═════ GIVEN ENTRIES ═════

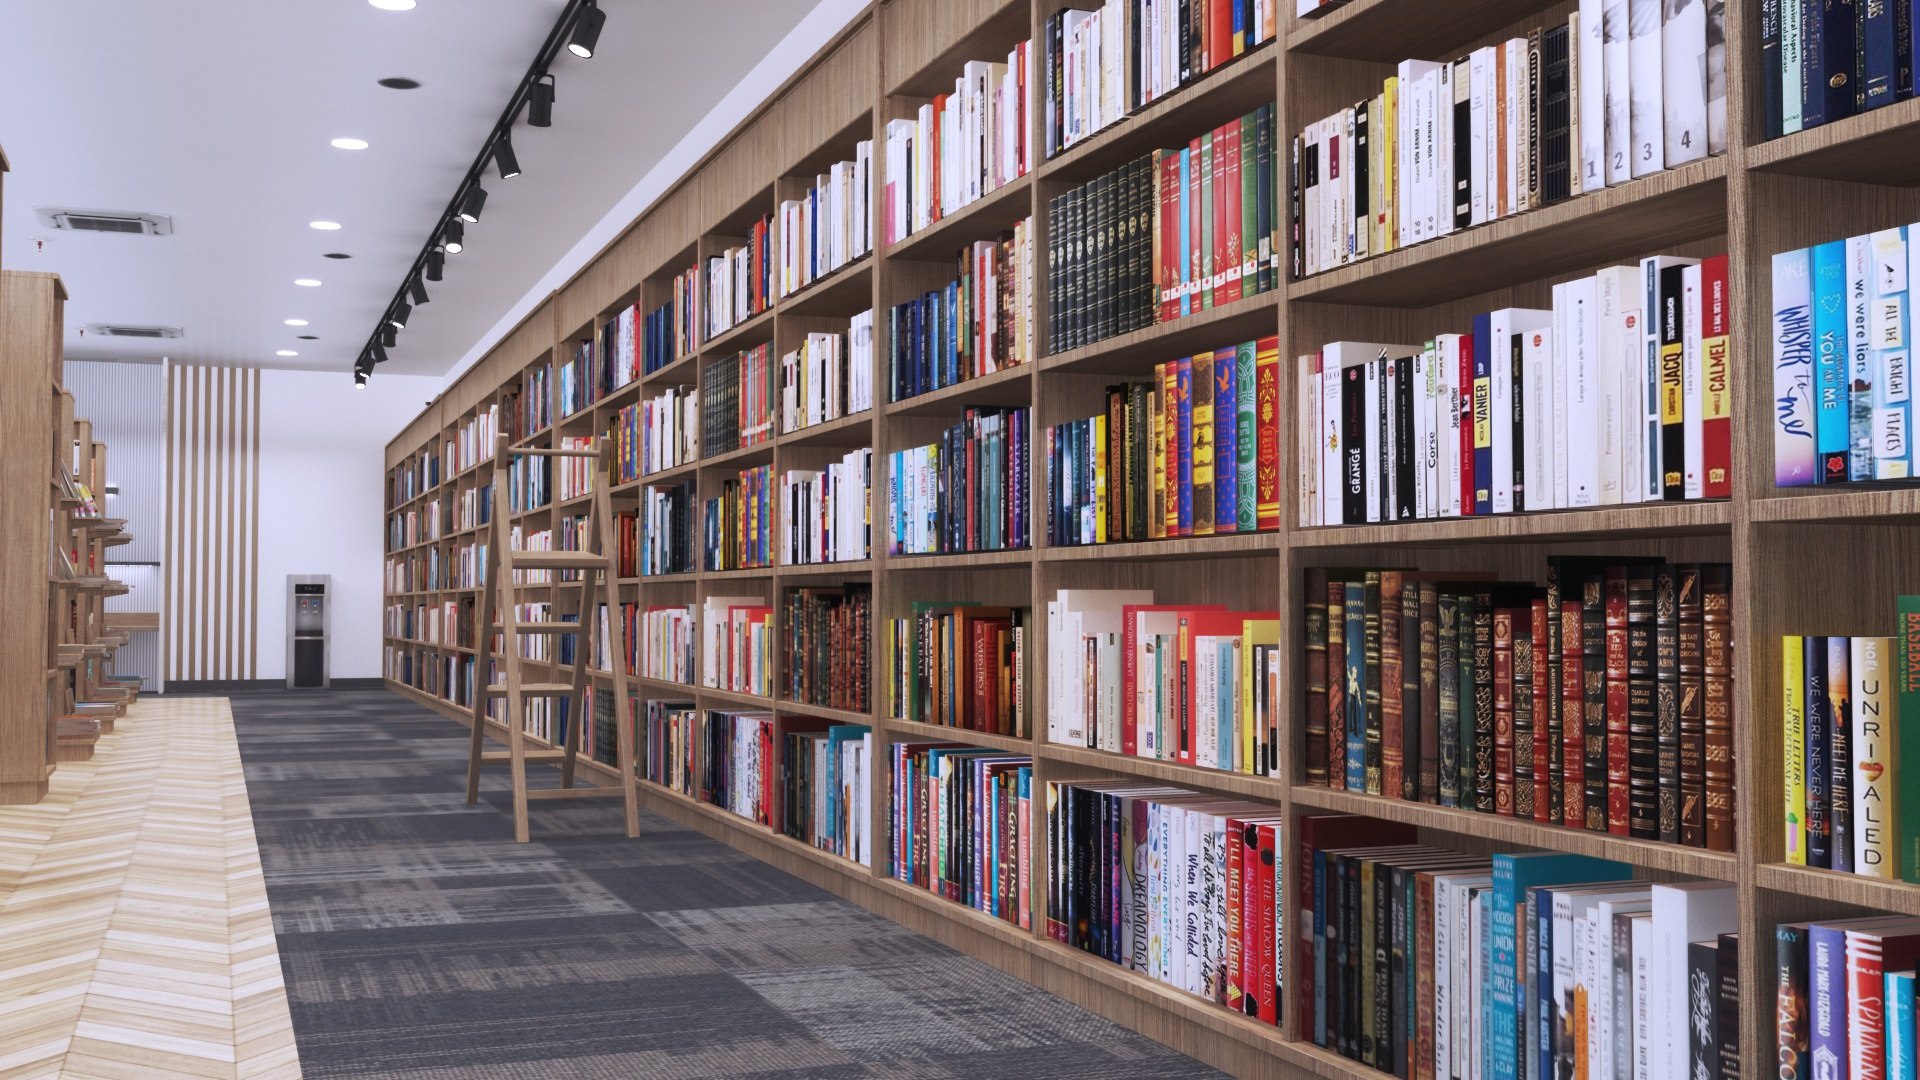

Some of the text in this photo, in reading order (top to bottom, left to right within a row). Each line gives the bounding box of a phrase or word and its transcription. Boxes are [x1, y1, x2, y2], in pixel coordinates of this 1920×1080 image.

[1643, 143, 1652, 160] 3
[1681, 130, 1691, 149] 4
[1587, 161, 1597, 178] 1
[1614, 152, 1623, 170] 2
[1713, 280, 1721, 301] LOUVES
[1855, 280, 1869, 374] we were liars
[1885, 305, 1898, 343] ALL THE
[1325, 371, 1339, 381] ECO
[1664, 352, 1682, 386] JACQ
[1710, 340, 1725, 392] CALMEL
[1775, 305, 1812, 439] WHISPER to me
[1820, 332, 1836, 409] YOU AND ME
[1889, 358, 1903, 395] BRIGHT
[1450, 387, 1459, 429] Jean Berthier
[1476, 384, 1487, 423] VANIER
[1428, 432, 1436, 468] Corse
[1886, 413, 1901, 451] PLACES
[1350, 448, 1361, 494] GRANGÉ
[1865, 641, 1878, 672] NOËL
[1908, 613, 1920, 691] BASEBALL
[1792, 707, 1801, 786] TRUE LETTERS
[1810, 676, 1822, 838] WE WERE NEVER HERE
[1832, 732, 1848, 813] MEET ME HERE
[1113, 832, 1119, 851] MY
[1203, 847, 1213, 861] all
[1230, 838, 1239, 862] I'LL
[999, 862, 1007, 900] FIRE
[1204, 864, 1214, 883] the
[1230, 868, 1239, 904] MEET
[1301, 842, 1312, 894] JOHN
[1187, 854, 1198, 957] When We Collided
[1217, 887, 1226, 918] still
[1244, 883, 1256, 931] SECRETS
[1377, 879, 1385, 906] JOHN
[1134, 873, 1147, 971] DREAMOLOGY
[1230, 908, 1239, 932] YOU
[1482, 905, 1490, 944] MICHAEL
[1527, 891, 1536, 975] PAUL AUSTER
[1201, 933, 1213, 960] loved
[1216, 927, 1225, 958] love
[1230, 937, 1239, 977] THERE
[1262, 878, 1272, 1007] THE SHADOW QUEEN
[1494, 934, 1514, 952] UNION
[1540, 918, 1548, 974] ORACLE NIGHT
[1816, 942, 1829, 967] LAURA
[1201, 962, 1214, 997] before
[1421, 881, 1431, 1072] MICHAEL CHABON
[1381, 1008, 1387, 1019] TO
[1540, 1000, 1549, 1051] PAUL AUSTER
[1618, 1033, 1624, 1049] OF

═════

Copy out the data verbatim, excluding the pictures.

Some of the text in this photo, in reading order (top to bottom, left to right within a row). Each line gives the bounding box of a phrase or word and its transcription. Boxes are [x1, y1, x2, y2], in pixel coordinates of this 1920×1080 image.

[1643, 143, 1652, 160] 3
[1681, 130, 1691, 149] 4
[1587, 161, 1597, 178] 1
[1614, 152, 1623, 170] 2
[1713, 280, 1721, 301] LOUVES
[1855, 280, 1869, 374] we were liars
[1885, 305, 1898, 343] ALL THE
[1325, 371, 1339, 381] ECO
[1664, 352, 1682, 386] JACQ
[1710, 340, 1725, 392] CALMEL
[1775, 305, 1812, 439] WHISPER to me
[1820, 332, 1836, 409] YOU AND ME
[1889, 358, 1903, 395] BRIGHT
[1450, 387, 1459, 429] Jean Berthier
[1476, 384, 1487, 423] VANIER
[1428, 432, 1436, 468] Corse
[1886, 413, 1901, 451] PLACES
[1350, 448, 1361, 494] GRANGÉ
[1865, 641, 1878, 672] NOËL
[1908, 613, 1920, 691] BASEBALL
[1792, 707, 1801, 786] TRUE LETTERS
[1810, 676, 1822, 838] WE WERE NEVER HERE
[1832, 732, 1848, 813] MEET ME HERE
[1113, 832, 1119, 851] MY
[1203, 847, 1213, 861] all
[1230, 838, 1239, 862] I'LL
[999, 862, 1007, 900] FIRE
[1204, 864, 1214, 883] the
[1230, 868, 1239, 904] MEET
[1301, 842, 1312, 894] JOHN
[1187, 854, 1198, 957] When We Collided
[1217, 887, 1226, 918] still
[1244, 883, 1256, 931] SECRETS
[1377, 879, 1385, 906] JOHN
[1134, 873, 1147, 971] DREAMOLOGY
[1230, 908, 1239, 932] YOU
[1482, 905, 1490, 944] MICHAEL
[1527, 891, 1536, 975] PAUL AUSTER
[1201, 933, 1213, 960] loved
[1216, 927, 1225, 958] love
[1230, 937, 1239, 977] THERE
[1262, 878, 1272, 1007] THE SHADOW QUEEN
[1494, 934, 1514, 952] UNION
[1540, 918, 1548, 974] ORACLE NIGHT
[1816, 942, 1829, 967] LAURA
[1201, 962, 1214, 997] before
[1421, 881, 1431, 1072] MICHAEL CHABON
[1381, 1008, 1387, 1019] TO
[1540, 1000, 1549, 1051] PAUL AUSTER
[1618, 1033, 1624, 1049] OF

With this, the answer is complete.